> _Exercise_: Retype the listing exactly, with no images.

━━━━━ Records shown

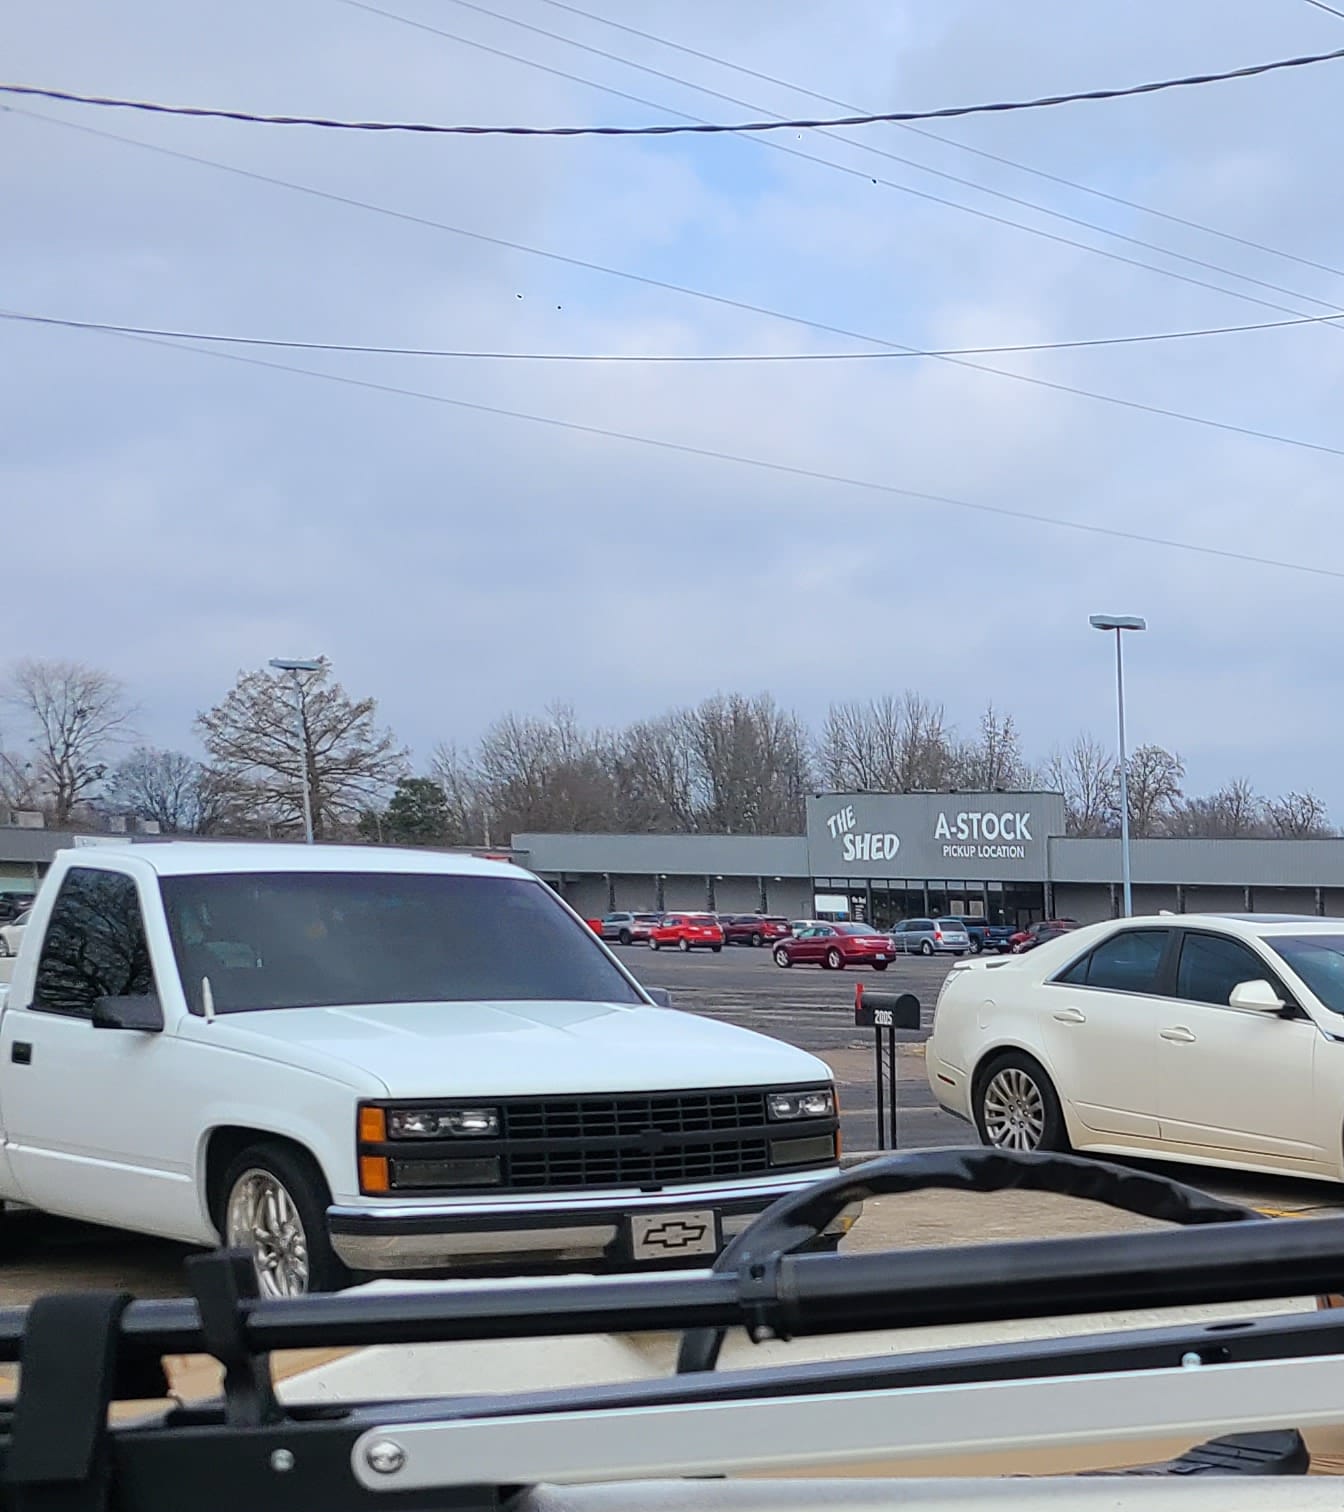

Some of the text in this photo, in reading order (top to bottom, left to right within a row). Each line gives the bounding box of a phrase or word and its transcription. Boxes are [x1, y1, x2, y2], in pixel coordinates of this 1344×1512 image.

[827, 805, 857, 839] THE
[934, 812, 1033, 841] A-STOCK
[843, 833, 900, 862] SHED
[943, 845, 1025, 858] PICKUP LOCATION
[874, 1009, 893, 1025] 2005

━━━━━━━━━━

> _Your solution_:
Some of the text in this photo, in reading order (top to bottom, left to right within a row). Each line gives the bounding box of a phrase or word and its transcription. Boxes are [x1, y1, x2, y2], in pixel coordinates of this 1344×1512 image.

[827, 805, 857, 839] THE
[934, 812, 1033, 841] A-STOCK
[843, 833, 900, 862] SHED
[943, 845, 1025, 858] PICKUP LOCATION
[874, 1009, 893, 1025] 2005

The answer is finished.